May 15, 2014 12:45 PM EDT
Solar Winds Increase Lightning Strikes On Earth
Lightning on Earth may not only be triggered by cosmic rays from space, but also by energetic particles from the sun, according to a recent study The Guardian reported.
Researchers from the University of Reading in the United Kingdom found a link between increased thunderstorm activity on Earth and streams of high-energy particles accelerated by the solar wind, offering compelling evidence that particles from space help trigger lightning bolts.
They found a substantial and significant increase in lightning rates across Europe for up to 40 days after the arrival of high-speed solar winds, which can travel at more than a million miles per hour, into the Earth's atmosphere.
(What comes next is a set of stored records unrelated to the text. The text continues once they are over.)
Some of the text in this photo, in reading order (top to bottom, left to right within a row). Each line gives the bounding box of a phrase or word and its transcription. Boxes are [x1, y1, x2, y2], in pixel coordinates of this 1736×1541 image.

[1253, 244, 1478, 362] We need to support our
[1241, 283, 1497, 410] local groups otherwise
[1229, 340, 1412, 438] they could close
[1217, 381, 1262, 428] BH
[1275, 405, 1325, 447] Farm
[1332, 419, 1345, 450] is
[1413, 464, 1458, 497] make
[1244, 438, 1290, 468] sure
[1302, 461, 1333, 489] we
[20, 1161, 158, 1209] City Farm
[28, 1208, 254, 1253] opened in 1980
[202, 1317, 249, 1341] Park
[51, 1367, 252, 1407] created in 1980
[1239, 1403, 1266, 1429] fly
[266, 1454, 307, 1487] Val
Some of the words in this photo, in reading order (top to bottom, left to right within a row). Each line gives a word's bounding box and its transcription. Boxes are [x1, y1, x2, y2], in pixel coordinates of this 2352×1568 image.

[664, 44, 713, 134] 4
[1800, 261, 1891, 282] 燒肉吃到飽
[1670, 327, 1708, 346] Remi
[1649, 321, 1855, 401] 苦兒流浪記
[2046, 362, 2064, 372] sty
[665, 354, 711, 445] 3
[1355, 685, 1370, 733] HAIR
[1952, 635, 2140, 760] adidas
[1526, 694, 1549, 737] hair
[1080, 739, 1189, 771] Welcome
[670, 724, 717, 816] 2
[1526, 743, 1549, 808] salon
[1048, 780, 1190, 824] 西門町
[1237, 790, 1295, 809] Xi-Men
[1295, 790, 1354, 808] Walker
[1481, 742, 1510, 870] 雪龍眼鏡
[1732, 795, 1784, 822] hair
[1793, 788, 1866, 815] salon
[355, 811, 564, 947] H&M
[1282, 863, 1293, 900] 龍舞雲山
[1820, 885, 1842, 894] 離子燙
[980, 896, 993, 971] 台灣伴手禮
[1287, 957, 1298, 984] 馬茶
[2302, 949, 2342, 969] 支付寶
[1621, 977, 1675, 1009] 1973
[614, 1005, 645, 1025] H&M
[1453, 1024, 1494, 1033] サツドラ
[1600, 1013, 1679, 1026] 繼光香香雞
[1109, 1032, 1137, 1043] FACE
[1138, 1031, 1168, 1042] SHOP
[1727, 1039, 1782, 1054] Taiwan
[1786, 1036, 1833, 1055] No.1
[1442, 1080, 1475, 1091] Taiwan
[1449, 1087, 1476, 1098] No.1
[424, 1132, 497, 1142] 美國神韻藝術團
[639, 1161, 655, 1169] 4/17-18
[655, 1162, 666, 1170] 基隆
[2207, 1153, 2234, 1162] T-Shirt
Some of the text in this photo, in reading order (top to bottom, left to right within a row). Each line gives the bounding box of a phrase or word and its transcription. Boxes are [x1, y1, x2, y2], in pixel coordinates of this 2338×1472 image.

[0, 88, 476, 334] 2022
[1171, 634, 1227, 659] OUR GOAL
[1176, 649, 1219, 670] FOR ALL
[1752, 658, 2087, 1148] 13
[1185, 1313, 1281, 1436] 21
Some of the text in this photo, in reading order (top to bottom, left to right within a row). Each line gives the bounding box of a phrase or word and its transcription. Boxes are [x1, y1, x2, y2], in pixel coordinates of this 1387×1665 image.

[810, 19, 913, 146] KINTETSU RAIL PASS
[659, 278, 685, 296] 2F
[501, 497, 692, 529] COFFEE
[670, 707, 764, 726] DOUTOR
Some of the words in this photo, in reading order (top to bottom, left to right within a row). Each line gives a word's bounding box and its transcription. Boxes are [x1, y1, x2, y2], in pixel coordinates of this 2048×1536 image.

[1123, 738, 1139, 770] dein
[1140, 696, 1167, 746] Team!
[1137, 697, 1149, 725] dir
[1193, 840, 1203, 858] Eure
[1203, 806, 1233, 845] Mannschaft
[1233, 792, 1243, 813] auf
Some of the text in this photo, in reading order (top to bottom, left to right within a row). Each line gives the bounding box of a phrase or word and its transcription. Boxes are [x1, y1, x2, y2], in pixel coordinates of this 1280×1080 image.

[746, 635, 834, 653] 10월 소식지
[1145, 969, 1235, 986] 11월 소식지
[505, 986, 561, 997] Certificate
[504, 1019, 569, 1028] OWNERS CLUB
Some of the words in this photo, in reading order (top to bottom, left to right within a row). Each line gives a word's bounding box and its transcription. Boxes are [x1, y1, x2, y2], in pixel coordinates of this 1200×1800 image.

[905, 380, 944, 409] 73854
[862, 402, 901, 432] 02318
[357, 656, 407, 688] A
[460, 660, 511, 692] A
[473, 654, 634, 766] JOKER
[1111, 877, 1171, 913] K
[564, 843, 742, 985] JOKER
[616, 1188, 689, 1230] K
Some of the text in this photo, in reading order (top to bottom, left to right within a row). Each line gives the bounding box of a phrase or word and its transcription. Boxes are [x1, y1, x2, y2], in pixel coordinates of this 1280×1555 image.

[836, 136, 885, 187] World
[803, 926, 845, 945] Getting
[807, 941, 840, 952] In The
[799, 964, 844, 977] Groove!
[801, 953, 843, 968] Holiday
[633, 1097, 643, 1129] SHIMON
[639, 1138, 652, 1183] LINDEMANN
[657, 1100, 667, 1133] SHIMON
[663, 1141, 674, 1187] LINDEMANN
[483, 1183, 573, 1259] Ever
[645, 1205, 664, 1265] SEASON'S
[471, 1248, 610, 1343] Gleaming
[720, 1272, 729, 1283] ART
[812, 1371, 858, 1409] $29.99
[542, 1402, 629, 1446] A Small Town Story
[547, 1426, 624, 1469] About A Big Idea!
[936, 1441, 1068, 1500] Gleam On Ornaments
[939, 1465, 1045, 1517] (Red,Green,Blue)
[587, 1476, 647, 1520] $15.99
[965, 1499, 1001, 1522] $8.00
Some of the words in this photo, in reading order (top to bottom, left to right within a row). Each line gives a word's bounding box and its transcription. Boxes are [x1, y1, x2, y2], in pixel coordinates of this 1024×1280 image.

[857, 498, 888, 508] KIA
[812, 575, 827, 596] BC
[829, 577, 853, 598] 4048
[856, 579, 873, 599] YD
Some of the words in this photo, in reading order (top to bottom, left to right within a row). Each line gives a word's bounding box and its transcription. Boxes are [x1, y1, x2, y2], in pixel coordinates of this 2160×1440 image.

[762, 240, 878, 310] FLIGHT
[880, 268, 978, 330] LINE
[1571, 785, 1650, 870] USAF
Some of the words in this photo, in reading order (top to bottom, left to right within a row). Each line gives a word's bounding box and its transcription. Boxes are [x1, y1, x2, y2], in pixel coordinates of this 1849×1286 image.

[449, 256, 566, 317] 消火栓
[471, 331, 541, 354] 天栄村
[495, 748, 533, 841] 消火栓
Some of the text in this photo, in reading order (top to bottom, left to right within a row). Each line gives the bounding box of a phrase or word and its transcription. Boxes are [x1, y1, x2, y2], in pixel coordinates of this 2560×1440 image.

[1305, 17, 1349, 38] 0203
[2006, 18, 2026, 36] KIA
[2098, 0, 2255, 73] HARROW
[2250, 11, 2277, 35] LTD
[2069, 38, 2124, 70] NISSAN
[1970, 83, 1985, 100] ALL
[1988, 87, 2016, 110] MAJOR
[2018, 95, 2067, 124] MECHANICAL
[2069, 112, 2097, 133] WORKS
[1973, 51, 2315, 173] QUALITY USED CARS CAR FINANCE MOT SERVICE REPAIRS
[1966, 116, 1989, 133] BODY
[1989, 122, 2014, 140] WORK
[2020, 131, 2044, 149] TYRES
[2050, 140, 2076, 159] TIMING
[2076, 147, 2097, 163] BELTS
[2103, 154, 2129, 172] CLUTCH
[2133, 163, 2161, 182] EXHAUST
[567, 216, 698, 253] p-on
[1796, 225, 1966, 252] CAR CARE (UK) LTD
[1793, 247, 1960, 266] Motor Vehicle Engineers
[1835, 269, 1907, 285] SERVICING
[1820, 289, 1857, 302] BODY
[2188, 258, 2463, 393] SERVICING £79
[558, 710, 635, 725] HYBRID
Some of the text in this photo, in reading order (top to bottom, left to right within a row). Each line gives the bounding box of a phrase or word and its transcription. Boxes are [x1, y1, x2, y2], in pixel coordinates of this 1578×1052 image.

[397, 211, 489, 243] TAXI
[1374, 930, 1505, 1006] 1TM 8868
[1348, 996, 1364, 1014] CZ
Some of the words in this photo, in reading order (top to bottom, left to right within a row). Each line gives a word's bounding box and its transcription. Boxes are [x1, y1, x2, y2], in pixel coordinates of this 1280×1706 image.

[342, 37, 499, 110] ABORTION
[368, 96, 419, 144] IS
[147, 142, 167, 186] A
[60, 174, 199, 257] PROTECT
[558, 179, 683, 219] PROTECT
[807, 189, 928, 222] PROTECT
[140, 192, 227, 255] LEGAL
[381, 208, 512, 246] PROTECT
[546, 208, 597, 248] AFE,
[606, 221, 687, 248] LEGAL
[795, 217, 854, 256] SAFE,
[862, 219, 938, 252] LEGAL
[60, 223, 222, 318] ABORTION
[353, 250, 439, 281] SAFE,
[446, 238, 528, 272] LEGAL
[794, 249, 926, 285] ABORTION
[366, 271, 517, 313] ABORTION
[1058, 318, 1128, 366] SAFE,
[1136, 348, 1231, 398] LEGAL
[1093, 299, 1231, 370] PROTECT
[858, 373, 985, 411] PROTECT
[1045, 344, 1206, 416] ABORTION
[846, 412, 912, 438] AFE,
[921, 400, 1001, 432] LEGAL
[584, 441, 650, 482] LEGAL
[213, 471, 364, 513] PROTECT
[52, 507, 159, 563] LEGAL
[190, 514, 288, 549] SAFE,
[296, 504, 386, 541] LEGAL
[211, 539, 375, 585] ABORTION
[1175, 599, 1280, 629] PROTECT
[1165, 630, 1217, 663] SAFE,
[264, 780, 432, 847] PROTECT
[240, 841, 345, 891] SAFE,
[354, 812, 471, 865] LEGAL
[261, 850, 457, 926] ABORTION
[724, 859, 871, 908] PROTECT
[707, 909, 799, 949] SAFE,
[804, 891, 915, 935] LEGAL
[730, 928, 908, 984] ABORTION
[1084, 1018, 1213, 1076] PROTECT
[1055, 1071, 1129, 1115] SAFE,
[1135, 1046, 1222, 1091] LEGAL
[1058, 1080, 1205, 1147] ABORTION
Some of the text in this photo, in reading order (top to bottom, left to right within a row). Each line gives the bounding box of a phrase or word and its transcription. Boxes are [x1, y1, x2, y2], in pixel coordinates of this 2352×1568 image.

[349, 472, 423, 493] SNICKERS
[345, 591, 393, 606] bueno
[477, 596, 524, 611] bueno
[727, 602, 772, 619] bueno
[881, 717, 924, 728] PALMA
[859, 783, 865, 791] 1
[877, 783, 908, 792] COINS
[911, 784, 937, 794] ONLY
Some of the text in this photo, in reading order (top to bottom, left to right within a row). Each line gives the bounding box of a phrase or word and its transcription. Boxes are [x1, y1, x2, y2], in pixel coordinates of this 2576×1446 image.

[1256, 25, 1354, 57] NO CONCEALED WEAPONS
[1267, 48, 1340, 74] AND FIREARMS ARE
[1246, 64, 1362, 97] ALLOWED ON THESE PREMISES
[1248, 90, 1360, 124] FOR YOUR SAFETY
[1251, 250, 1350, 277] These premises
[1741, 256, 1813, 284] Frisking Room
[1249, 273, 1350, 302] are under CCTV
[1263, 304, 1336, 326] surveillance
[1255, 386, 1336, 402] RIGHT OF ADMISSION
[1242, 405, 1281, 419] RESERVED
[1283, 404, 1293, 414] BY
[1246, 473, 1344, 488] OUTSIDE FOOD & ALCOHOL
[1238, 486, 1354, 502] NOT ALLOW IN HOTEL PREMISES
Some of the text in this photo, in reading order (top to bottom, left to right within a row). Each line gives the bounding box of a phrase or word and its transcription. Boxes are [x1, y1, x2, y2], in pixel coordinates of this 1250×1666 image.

"Our main result is that we have found evidence that high-speed solar wind streams can increase lightning rates. This may be an actual increase in lightning or an increase in the magnitude of lightning, lifting it above the detection threshold of measurement instruments," Dr. Chris Scott, leader of the study, said in a statement. "Cosmic rays, tiny particles from across the Universe accelerated to close to the speed of light by exploding stars, have been thought to play a part in thundery weather down on Earth, but our work provides new evidence that similar, if lower energy, particles created by our own Sun also affect lightning."
For the study, researchers analyzed data from NASA's Advanced Composition Explorer spacecraft, which lies between the Sun and the Earth and measures the characteristics of solar winds. The record of lightning strikes was compared with data from NASA's Advanced Composition Explorer (ACE) spacecraft, which lies between the Sun and the Earth and measures the characteristics of solar winds.
The solar wind consists of a constant stream of energetic particles-mainly electrons and protons-that are propelled from the Sun's atmosphere at around a million miles per hour.
Their research showed there was an average of 422 lightning strikes across the United Kingdom in the following 40 days, compared to an average of 321 lightning strikes in the 40 days prior the arrival of the solar wind. The rate of lightning strikes peaked between 12 and 18 days after the arrival of the solar wind.
The findings were recently published in the journal Environmental Research Letters.